Data records START
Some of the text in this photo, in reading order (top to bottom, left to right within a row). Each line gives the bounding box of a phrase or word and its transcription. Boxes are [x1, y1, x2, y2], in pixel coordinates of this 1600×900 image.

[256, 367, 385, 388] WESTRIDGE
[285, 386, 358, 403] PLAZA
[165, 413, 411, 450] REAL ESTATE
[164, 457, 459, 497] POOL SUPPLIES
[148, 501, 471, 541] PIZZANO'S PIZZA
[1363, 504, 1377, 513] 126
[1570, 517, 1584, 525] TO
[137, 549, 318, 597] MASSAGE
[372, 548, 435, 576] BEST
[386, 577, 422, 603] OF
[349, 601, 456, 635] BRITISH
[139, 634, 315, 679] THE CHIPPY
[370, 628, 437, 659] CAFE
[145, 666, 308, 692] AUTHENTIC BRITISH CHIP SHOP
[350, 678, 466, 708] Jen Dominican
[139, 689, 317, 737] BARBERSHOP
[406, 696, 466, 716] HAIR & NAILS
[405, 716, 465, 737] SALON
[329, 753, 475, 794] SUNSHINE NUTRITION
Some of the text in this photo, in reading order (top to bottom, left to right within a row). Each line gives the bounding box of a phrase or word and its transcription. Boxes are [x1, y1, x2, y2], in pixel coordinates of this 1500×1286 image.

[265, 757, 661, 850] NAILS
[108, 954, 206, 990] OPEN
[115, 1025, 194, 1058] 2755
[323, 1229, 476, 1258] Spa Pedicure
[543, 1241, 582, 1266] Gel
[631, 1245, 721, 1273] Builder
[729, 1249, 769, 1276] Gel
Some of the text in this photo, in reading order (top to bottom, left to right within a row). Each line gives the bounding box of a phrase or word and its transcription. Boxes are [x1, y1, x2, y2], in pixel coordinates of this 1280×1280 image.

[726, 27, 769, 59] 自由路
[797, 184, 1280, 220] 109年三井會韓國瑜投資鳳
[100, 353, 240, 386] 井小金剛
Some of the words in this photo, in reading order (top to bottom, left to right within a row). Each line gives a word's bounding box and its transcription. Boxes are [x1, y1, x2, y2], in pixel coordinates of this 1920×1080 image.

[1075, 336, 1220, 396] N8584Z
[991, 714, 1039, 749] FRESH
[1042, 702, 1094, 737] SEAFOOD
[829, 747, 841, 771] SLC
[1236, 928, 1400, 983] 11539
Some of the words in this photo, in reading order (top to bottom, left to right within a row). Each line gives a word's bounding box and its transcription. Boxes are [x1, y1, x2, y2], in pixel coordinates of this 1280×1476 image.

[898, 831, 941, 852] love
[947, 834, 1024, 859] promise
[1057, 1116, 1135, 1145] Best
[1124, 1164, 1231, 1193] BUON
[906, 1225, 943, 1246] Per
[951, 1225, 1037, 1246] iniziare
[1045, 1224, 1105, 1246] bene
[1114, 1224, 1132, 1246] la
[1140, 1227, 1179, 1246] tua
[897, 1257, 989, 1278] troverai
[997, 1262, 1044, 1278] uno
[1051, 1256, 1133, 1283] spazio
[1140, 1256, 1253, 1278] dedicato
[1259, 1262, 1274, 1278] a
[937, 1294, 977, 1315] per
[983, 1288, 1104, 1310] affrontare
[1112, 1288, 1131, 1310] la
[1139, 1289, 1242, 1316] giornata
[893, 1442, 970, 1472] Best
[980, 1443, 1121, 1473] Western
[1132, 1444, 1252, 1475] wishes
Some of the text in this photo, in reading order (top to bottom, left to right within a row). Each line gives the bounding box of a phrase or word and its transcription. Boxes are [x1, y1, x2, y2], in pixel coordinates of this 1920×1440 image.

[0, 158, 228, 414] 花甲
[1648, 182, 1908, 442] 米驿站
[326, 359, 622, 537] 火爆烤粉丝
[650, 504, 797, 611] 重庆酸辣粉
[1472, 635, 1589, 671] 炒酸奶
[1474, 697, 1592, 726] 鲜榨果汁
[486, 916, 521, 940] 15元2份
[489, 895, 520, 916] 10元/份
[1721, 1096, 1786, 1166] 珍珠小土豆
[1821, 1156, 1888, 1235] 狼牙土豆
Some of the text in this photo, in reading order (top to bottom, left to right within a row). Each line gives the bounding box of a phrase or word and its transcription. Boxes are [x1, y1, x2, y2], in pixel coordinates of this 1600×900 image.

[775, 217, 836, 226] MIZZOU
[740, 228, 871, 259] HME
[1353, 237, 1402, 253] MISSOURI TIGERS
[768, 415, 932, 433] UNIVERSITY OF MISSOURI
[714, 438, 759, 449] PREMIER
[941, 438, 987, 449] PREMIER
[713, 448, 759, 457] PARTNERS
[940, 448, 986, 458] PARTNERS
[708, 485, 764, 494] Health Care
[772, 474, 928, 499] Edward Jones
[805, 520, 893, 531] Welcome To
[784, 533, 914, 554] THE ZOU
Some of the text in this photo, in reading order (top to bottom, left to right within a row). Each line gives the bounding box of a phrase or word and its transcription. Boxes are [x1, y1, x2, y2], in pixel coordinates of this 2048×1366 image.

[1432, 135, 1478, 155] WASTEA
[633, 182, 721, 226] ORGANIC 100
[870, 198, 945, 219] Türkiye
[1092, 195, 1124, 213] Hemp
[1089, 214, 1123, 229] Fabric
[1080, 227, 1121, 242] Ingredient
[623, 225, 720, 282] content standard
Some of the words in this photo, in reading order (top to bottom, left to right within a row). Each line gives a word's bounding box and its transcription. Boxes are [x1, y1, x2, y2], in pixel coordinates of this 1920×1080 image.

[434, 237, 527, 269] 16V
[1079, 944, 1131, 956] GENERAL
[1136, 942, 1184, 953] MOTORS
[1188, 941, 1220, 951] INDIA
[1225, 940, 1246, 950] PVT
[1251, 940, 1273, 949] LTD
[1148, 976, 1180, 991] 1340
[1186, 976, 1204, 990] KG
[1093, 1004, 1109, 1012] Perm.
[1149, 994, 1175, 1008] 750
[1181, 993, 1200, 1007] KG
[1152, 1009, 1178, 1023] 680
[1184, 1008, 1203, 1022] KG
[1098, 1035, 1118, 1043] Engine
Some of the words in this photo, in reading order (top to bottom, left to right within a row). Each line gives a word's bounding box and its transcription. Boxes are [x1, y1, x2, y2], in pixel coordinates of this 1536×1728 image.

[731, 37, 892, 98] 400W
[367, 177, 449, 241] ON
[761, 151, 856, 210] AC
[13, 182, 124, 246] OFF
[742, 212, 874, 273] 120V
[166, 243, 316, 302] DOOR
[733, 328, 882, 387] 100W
Data records END
What the exercise asks:
Write out every entry again, keeping each line exactly the same.

Expected answer:
Some of the text in this photo, in reading order (top to bottom, left to right within a row). Each line gives the bounding box of a phrase or word and its transcription. Boxes are [x1, y1, x2, y2], in pixel coordinates of this 1600×900 image.

[256, 367, 385, 388] WESTRIDGE
[285, 386, 358, 403] PLAZA
[165, 413, 411, 450] REAL ESTATE
[164, 457, 459, 497] POOL SUPPLIES
[148, 501, 471, 541] PIZZANO'S PIZZA
[1363, 504, 1377, 513] 126
[1570, 517, 1584, 525] TO
[137, 549, 318, 597] MASSAGE
[372, 548, 435, 576] BEST
[386, 577, 422, 603] OF
[349, 601, 456, 635] BRITISH
[139, 634, 315, 679] THE CHIPPY
[370, 628, 437, 659] CAFE
[145, 666, 308, 692] AUTHENTIC BRITISH CHIP SHOP
[350, 678, 466, 708] Jen Dominican
[139, 689, 317, 737] BARBERSHOP
[406, 696, 466, 716] HAIR & NAILS
[405, 716, 465, 737] SALON
[329, 753, 475, 794] SUNSHINE NUTRITION
Some of the text in this photo, in reading order (top to bottom, left to right within a row). Each line gives the bounding box of a phrase or word and its transcription. Boxes are [x1, y1, x2, y2], in pixel coordinates of this 1500×1286 image.

[265, 757, 661, 850] NAILS
[108, 954, 206, 990] OPEN
[115, 1025, 194, 1058] 2755
[323, 1229, 476, 1258] Spa Pedicure
[543, 1241, 582, 1266] Gel
[631, 1245, 721, 1273] Builder
[729, 1249, 769, 1276] Gel
Some of the text in this photo, in reading order (top to bottom, left to right within a row). Each line gives the bounding box of a phrase or word and its transcription. Boxes are [x1, y1, x2, y2], in pixel coordinates of this 1280×1280 image.

[726, 27, 769, 59] 自由路
[797, 184, 1280, 220] 109年三井會韓國瑜投資鳳
[100, 353, 240, 386] 井小金剛
Some of the words in this photo, in reading order (top to bottom, left to right within a row). Each line gives a word's bounding box and its transcription. Boxes are [x1, y1, x2, y2], in pixel coordinates of this 1920×1080 image.

[1075, 336, 1220, 396] N8584Z
[991, 714, 1039, 749] FRESH
[1042, 702, 1094, 737] SEAFOOD
[829, 747, 841, 771] SLC
[1236, 928, 1400, 983] 11539
Some of the words in this photo, in reading order (top to bottom, left to right within a row). Each line gives a word's bounding box and its transcription. Boxes are [x1, y1, x2, y2], in pixel coordinates of this 1280×1476 image.

[898, 831, 941, 852] love
[947, 834, 1024, 859] promise
[1057, 1116, 1135, 1145] Best
[1124, 1164, 1231, 1193] BUON
[906, 1225, 943, 1246] Per
[951, 1225, 1037, 1246] iniziare
[1045, 1224, 1105, 1246] bene
[1114, 1224, 1132, 1246] la
[1140, 1227, 1179, 1246] tua
[897, 1257, 989, 1278] troverai
[997, 1262, 1044, 1278] uno
[1051, 1256, 1133, 1283] spazio
[1140, 1256, 1253, 1278] dedicato
[1259, 1262, 1274, 1278] a
[937, 1294, 977, 1315] per
[983, 1288, 1104, 1310] affrontare
[1112, 1288, 1131, 1310] la
[1139, 1289, 1242, 1316] giornata
[893, 1442, 970, 1472] Best
[980, 1443, 1121, 1473] Western
[1132, 1444, 1252, 1475] wishes
Some of the text in this photo, in reading order (top to bottom, left to right within a row). Each line gives the bounding box of a phrase or word and its transcription. Boxes are [x1, y1, x2, y2], in pixel coordinates of this 1920×1440 image.

[0, 158, 228, 414] 花甲
[1648, 182, 1908, 442] 米驿站
[326, 359, 622, 537] 火爆烤粉丝
[650, 504, 797, 611] 重庆酸辣粉
[1472, 635, 1589, 671] 炒酸奶
[1474, 697, 1592, 726] 鲜榨果汁
[486, 916, 521, 940] 15元2份
[489, 895, 520, 916] 10元/份
[1721, 1096, 1786, 1166] 珍珠小土豆
[1821, 1156, 1888, 1235] 狼牙土豆
Some of the text in this photo, in reading order (top to bottom, left to right within a row). Each line gives the bounding box of a phrase or word and its transcription. Boxes are [x1, y1, x2, y2], in pixel coordinates of this 1600×900 image.

[775, 217, 836, 226] MIZZOU
[740, 228, 871, 259] HME
[1353, 237, 1402, 253] MISSOURI TIGERS
[768, 415, 932, 433] UNIVERSITY OF MISSOURI
[714, 438, 759, 449] PREMIER
[941, 438, 987, 449] PREMIER
[713, 448, 759, 457] PARTNERS
[940, 448, 986, 458] PARTNERS
[708, 485, 764, 494] Health Care
[772, 474, 928, 499] Edward Jones
[805, 520, 893, 531] Welcome To
[784, 533, 914, 554] THE ZOU
Some of the text in this photo, in reading order (top to bottom, left to right within a row). Each line gives the bounding box of a phrase or word and its transcription. Boxes are [x1, y1, x2, y2], in pixel coordinates of this 2048×1366 image.

[1432, 135, 1478, 155] WASTEA
[633, 182, 721, 226] ORGANIC 100
[870, 198, 945, 219] Türkiye
[1092, 195, 1124, 213] Hemp
[1089, 214, 1123, 229] Fabric
[1080, 227, 1121, 242] Ingredient
[623, 225, 720, 282] content standard
Some of the words in this photo, in reading order (top to bottom, left to right within a row). Each line gives a word's bounding box and its transcription. Boxes are [x1, y1, x2, y2], in pixel coordinates of this 1920×1080 image.

[434, 237, 527, 269] 16V
[1079, 944, 1131, 956] GENERAL
[1136, 942, 1184, 953] MOTORS
[1188, 941, 1220, 951] INDIA
[1225, 940, 1246, 950] PVT
[1251, 940, 1273, 949] LTD
[1148, 976, 1180, 991] 1340
[1186, 976, 1204, 990] KG
[1093, 1004, 1109, 1012] Perm.
[1149, 994, 1175, 1008] 750
[1181, 993, 1200, 1007] KG
[1152, 1009, 1178, 1023] 680
[1184, 1008, 1203, 1022] KG
[1098, 1035, 1118, 1043] Engine
Some of the words in this photo, in reading order (top to bottom, left to right within a row). Each line gives a word's bounding box and its transcription. Boxes are [x1, y1, x2, y2], in pixel coordinates of this 1536×1728 image.

[731, 37, 892, 98] 400W
[367, 177, 449, 241] ON
[761, 151, 856, 210] AC
[13, 182, 124, 246] OFF
[742, 212, 874, 273] 120V
[166, 243, 316, 302] DOOR
[733, 328, 882, 387] 100W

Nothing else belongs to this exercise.